Karalahana hem antioksidan hem de bir detoks besindir.
Karalahananın içerisinde guatra neden olabilecek guatrojen denilen maddeler bulunmaktadır ancak 35 kilo yaklaşık 3 ay boyunca sürekli olarak tüketilirse bu gerçekleşir.
Deneysel çalışmalar karalahana ve diğer trupgillerde bulunan bir bileşenin radyasyona maruz kalma durumunda, hayatta kalma süresini uzattığını göstermiştir. DIM molekülünün aynı zamanda kansere karşı koruyucu etkisi olduğunu düşünülmektedir ancak daha fazla araştırma yapılmadan şimdilik bu etkiyi bir fayda olarak değerlendirmiyoruz. (Bilgisayar kullanıyor, Televizyon izliyor ve röntgen çektiriyorsanız radyasyona maruz kalıyorsunuz demektir.)
Anti-inflamatuar vücudumuzda iltihapla savaşan bileşenlerdir. Karalahana, kuzenleri olan brokoli, brüksel lahanası, lahana, karnabahar, hardal, turp ve şalgam gibi glukosinolat denilen anti-inflamatuar bir bileşen içerir.
Karalahana, enfeksiyon toplayıcı bir etki oluşturarak eklem ağrısı, ateş, çeşitli deri bozuklukları gibi birçok enfeksiyonun etkilerini azaltmada başarılıdır.

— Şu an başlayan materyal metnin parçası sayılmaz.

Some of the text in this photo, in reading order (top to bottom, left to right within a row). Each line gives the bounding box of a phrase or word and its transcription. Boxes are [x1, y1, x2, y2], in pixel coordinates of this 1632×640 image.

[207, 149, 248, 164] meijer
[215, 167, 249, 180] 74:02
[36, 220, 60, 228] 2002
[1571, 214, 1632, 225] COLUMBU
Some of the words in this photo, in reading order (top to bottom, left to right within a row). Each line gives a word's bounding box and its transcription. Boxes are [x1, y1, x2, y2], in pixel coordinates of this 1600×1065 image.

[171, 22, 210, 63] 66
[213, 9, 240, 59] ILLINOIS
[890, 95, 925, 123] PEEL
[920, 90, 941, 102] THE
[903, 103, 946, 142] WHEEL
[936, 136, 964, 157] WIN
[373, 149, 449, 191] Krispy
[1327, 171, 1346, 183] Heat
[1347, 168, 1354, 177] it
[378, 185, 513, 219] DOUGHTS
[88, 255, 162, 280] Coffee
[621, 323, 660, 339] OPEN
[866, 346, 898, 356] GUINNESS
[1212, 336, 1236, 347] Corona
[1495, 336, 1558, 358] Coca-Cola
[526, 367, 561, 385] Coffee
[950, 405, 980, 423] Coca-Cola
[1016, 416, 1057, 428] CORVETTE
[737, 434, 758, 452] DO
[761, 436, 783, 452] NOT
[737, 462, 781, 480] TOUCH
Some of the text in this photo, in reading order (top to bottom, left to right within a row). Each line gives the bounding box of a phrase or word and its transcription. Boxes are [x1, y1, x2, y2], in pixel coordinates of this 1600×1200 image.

Atioksidanlar, vücudumuzda gerçekleşen kimyasal reaksiyonlar esnasında yağların oksitlenerek vücudumuza zararlı hale gelmesini önleyici bileşenlerdir. Bilinen en etkili 3 antioksidanından 2’sini bir arada içeren karalahana, C vitamini ve Beta-karotence zengin, kuersetin ve kaempferol içeren mükemmel bir antioksidan besindir. Bu bileşenler sayesinde kalp sağlığını koruyucu, kan basıncını düşürücü, kanser ve virüslerden koruyucu ve depresyonu azaltıcı etkileri vardır.
Karalahana, vitamin, mineral ve diğer birçok yararlı besin ögesi ile doludur. Yemeklerde veya salatalarda tüketerek yüksek düzeyde posa alımını sağlayıp ve bağırsak çalışmasını düzenler. Hacmine oranla çok düşük kalorili ve tokluk sağlayıcıdır. Bağırsak hareketlerini düzenler ve kilo vermeye yardımcıdır.